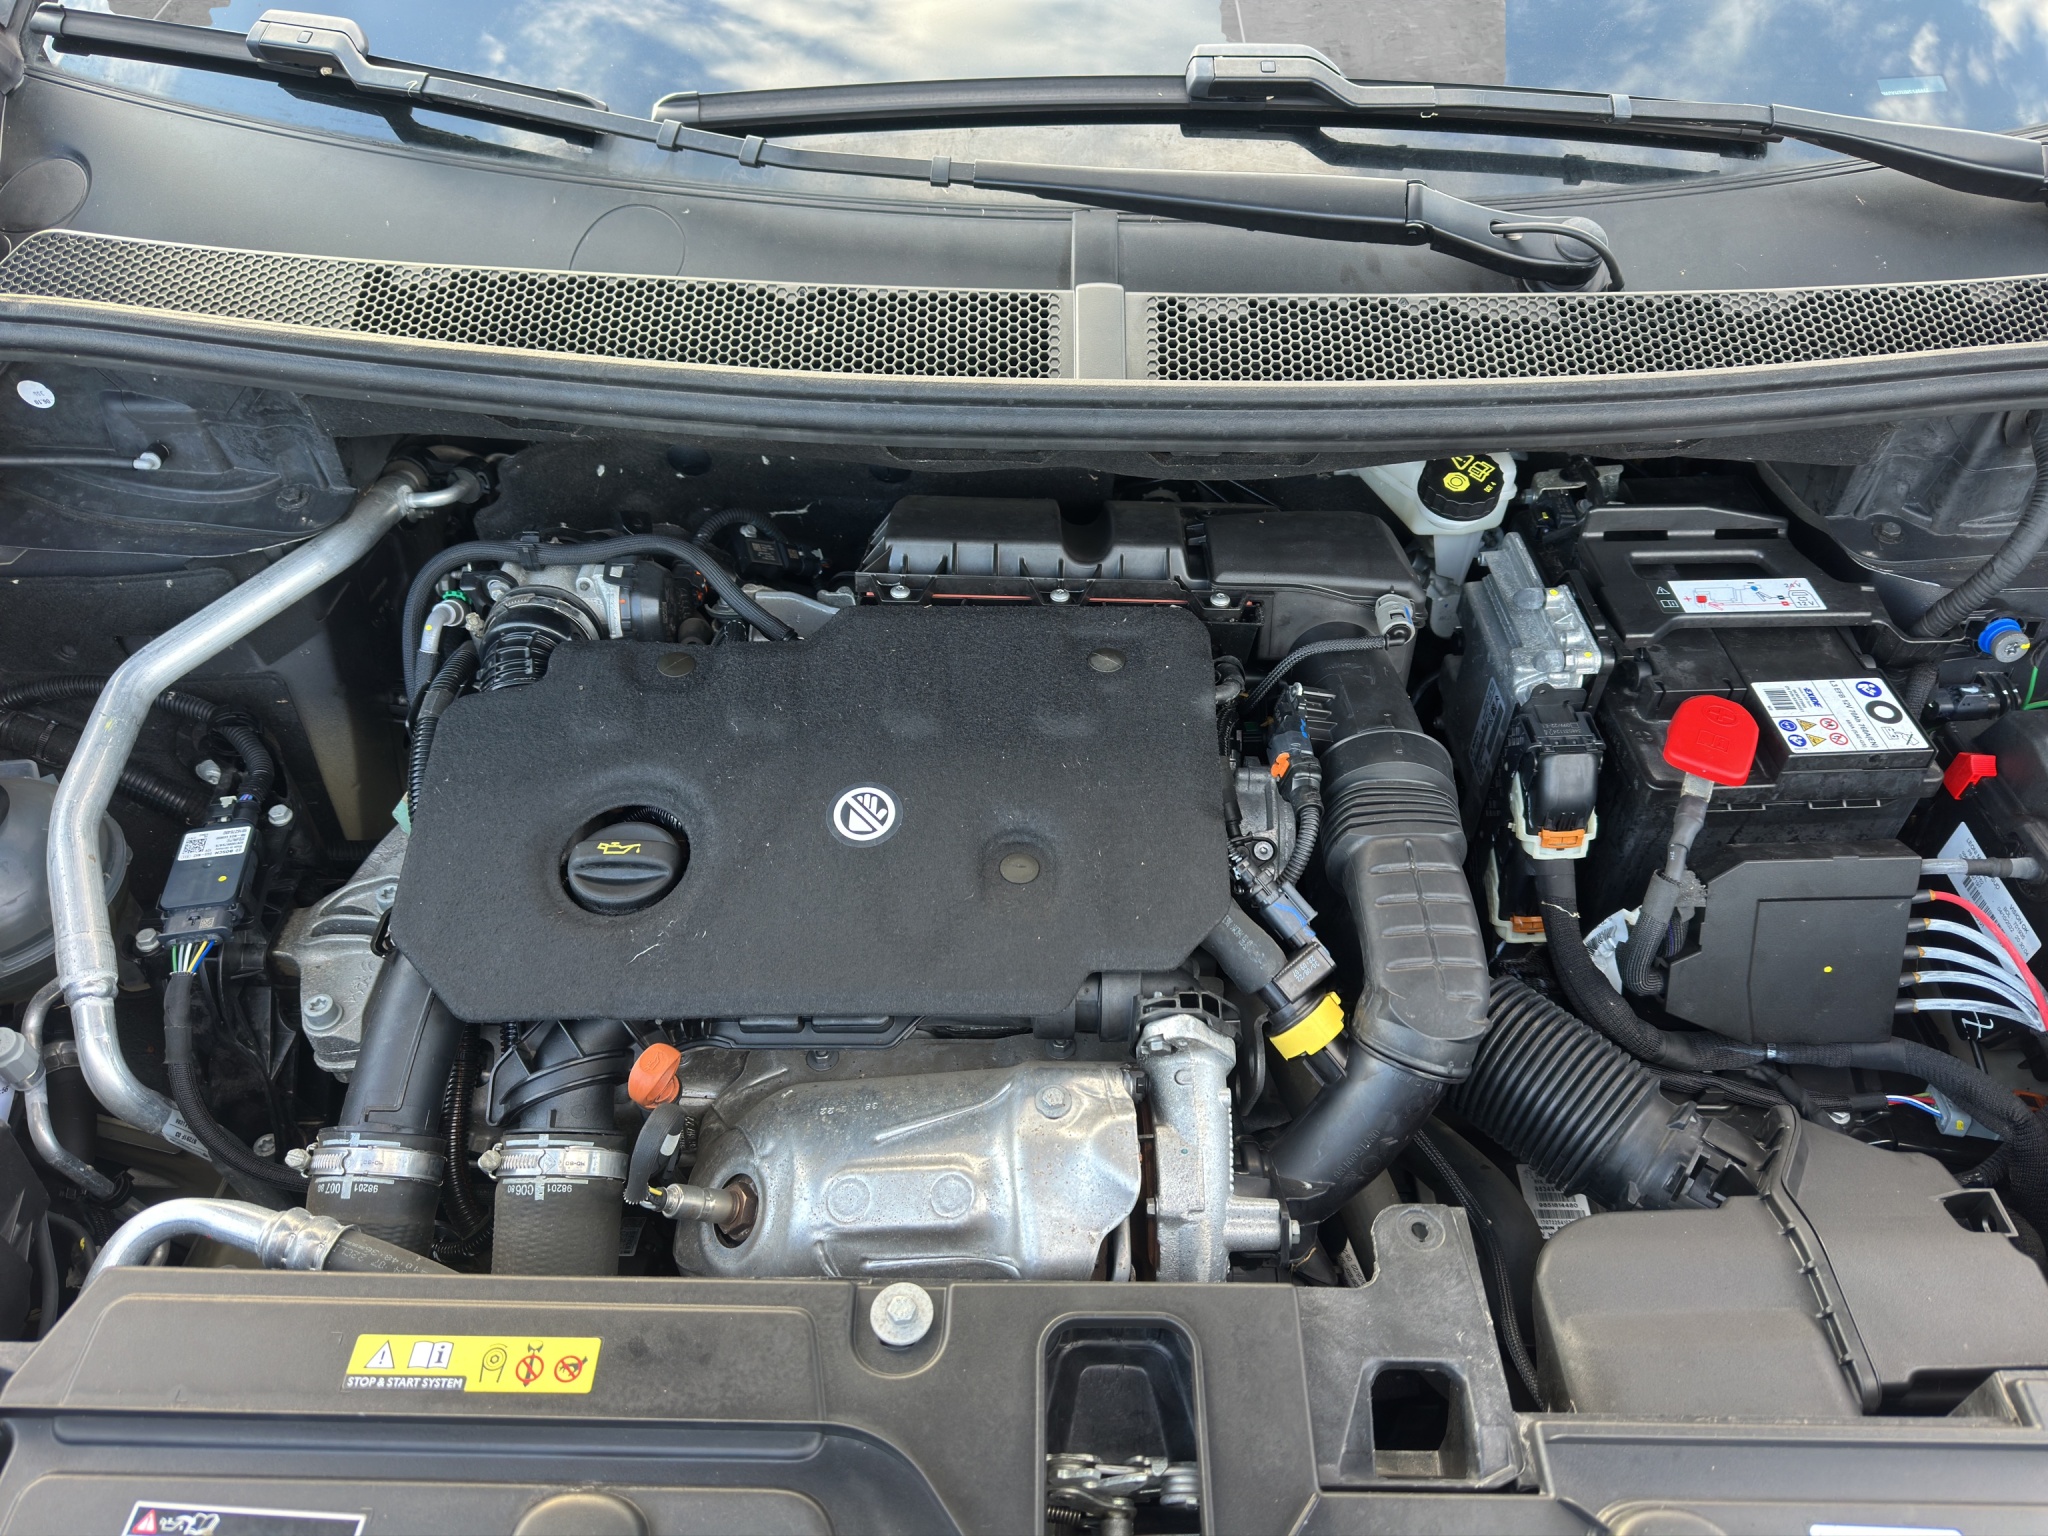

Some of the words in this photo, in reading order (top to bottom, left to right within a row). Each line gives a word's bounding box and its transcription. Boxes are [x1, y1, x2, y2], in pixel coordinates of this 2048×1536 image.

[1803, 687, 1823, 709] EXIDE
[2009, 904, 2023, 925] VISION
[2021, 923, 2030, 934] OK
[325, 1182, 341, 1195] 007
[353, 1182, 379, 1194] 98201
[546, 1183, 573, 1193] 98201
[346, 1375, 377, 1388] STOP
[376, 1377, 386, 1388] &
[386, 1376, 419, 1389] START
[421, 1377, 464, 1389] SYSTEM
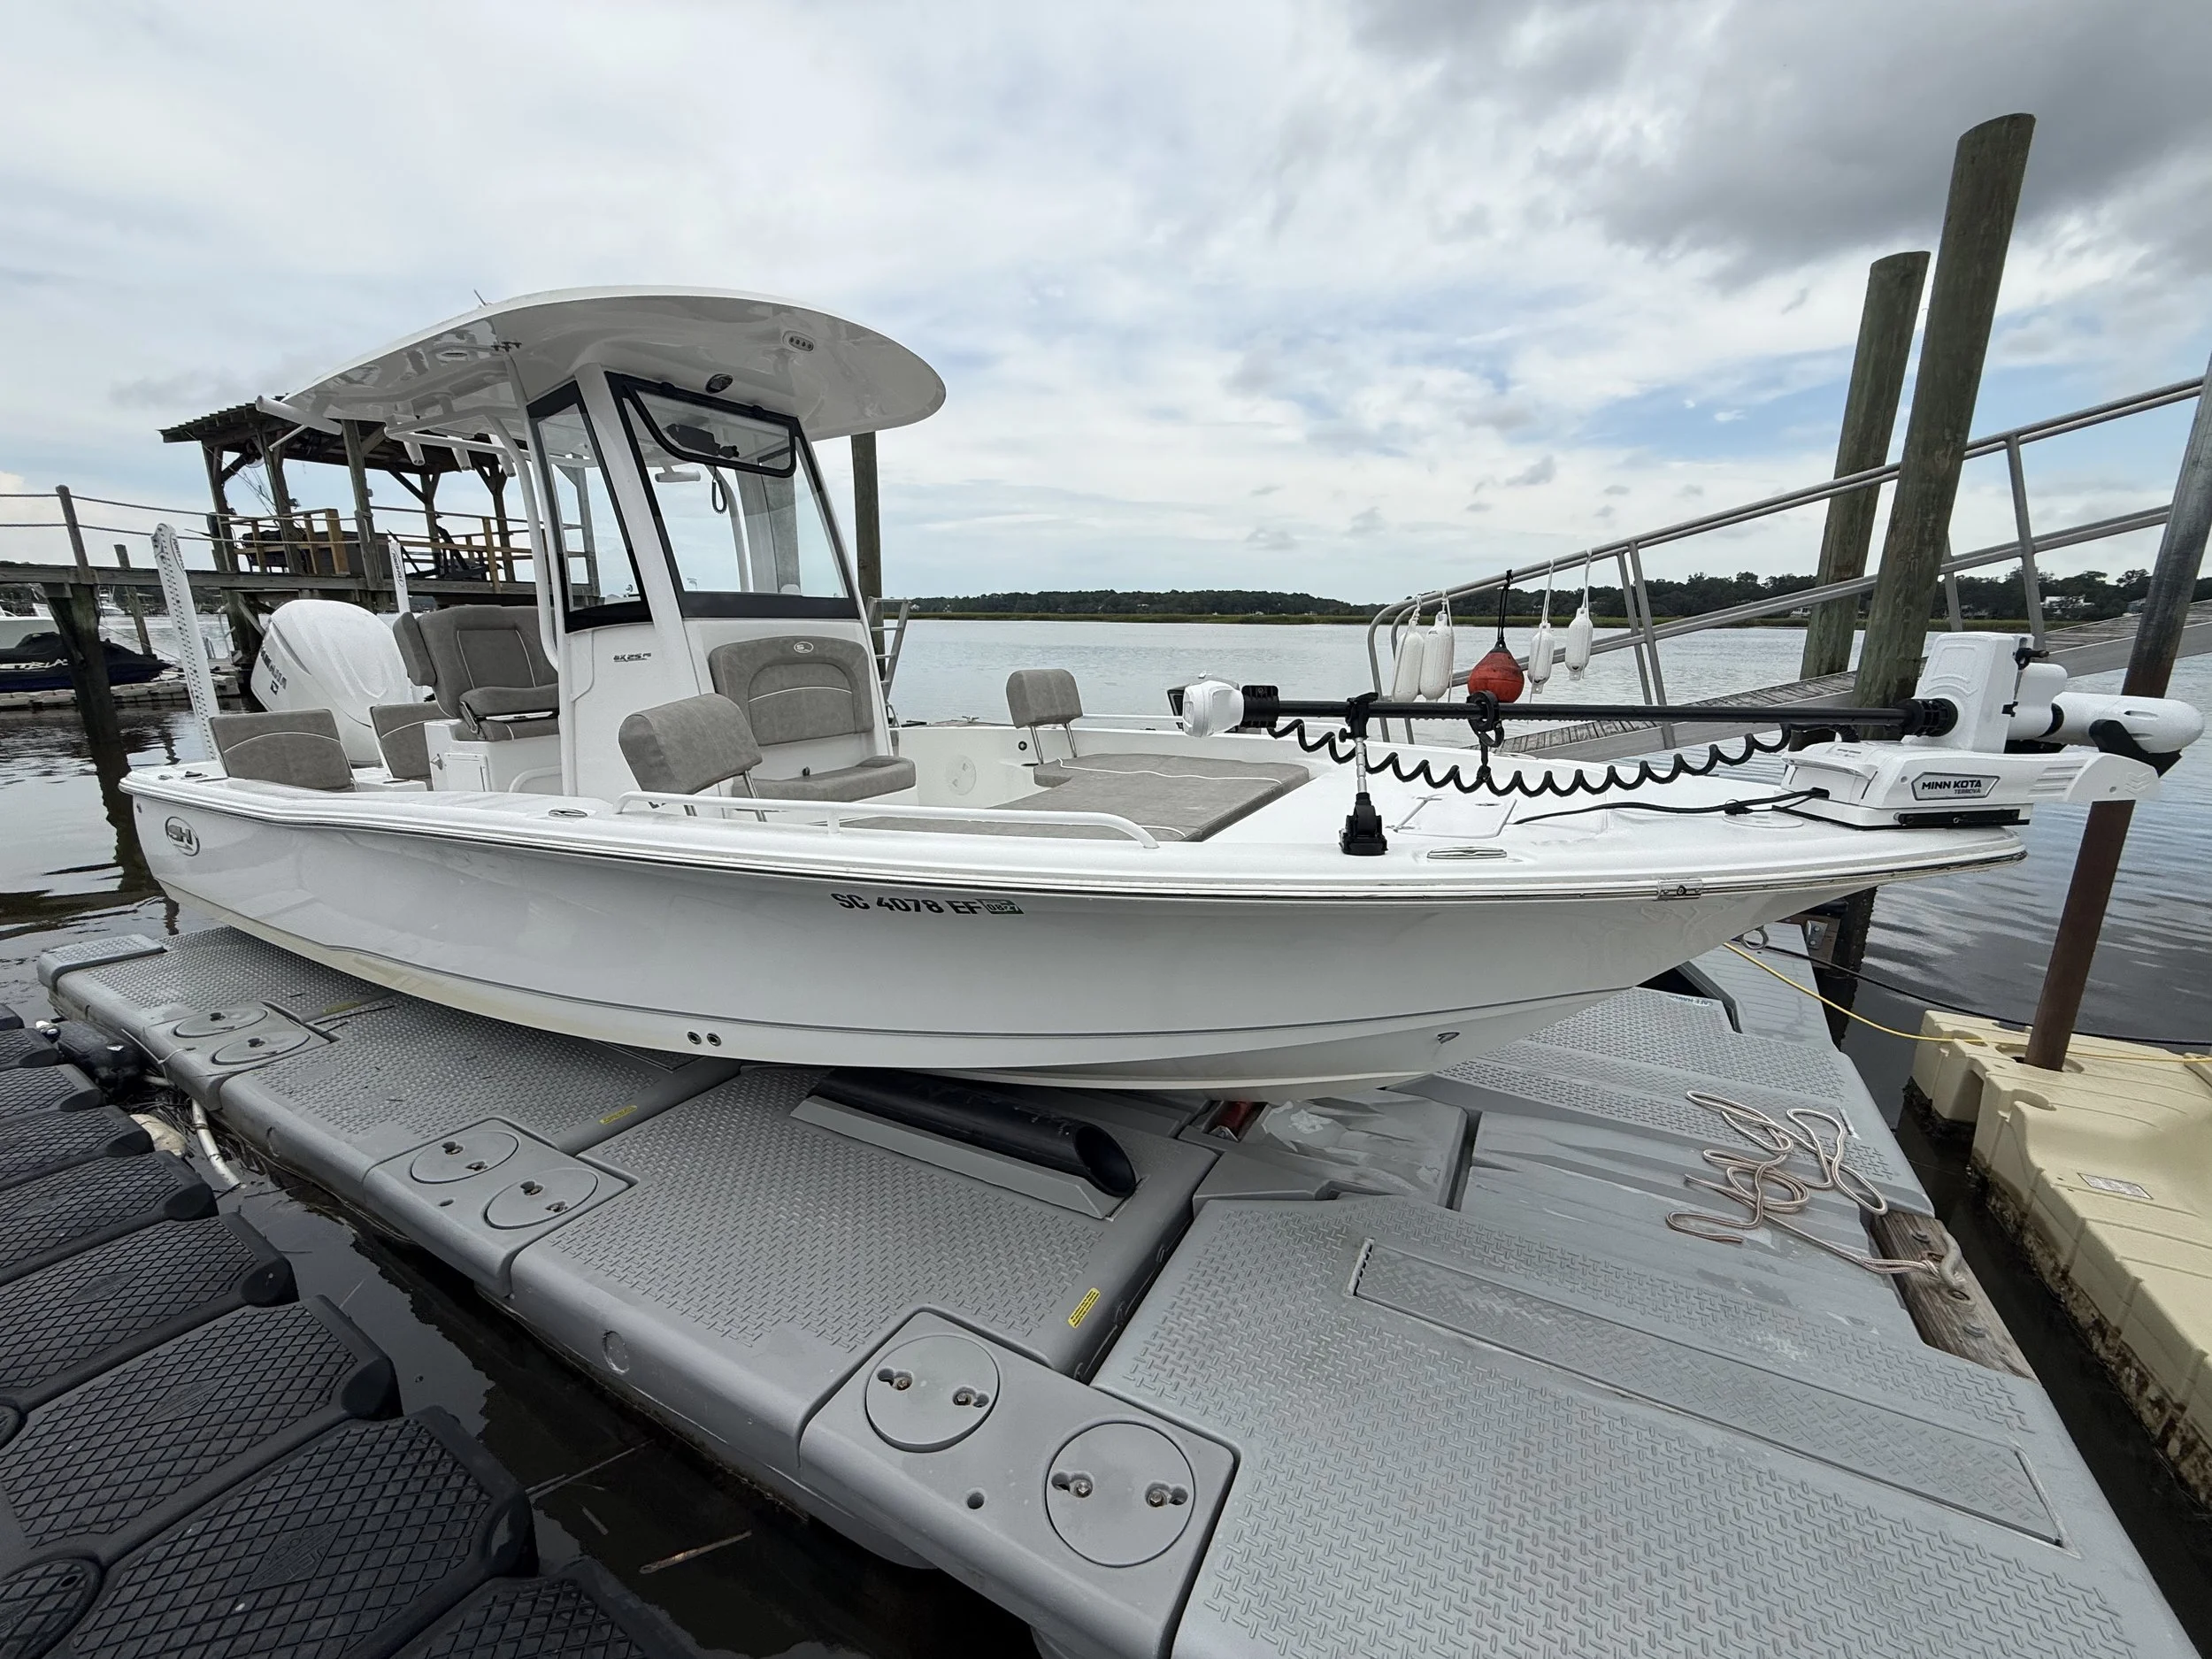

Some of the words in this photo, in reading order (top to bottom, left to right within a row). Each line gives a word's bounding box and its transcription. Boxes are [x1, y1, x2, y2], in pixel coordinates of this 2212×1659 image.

-*-*-

— Work item —
Without the pictures, write out every line above exactly as it appears.

— Solved problem —
Some of the words in this photo, in reading order (top to bottom, left to right within a row). Each line gives a word's bounding box and its transcription. Boxes are [x1, y1, x2, y2], in pixel coordinates of this 2048×1536 image.

[1803, 687, 1823, 709] EXIDE
[2009, 904, 2023, 925] VISION
[2021, 923, 2030, 934] OK
[325, 1182, 341, 1195] 007
[353, 1182, 379, 1194] 98201
[546, 1183, 573, 1193] 98201
[346, 1375, 377, 1388] STOP
[376, 1377, 386, 1388] &
[386, 1376, 419, 1389] START
[421, 1377, 464, 1389] SYSTEM

Some of the words in this photo, in reading order (top to bottom, left to right within a row). Each line gives a word's bounding box and its transcription. Boxes are [x1, y1, x2, y2], in pixel coordinates of this 2212×1659 image.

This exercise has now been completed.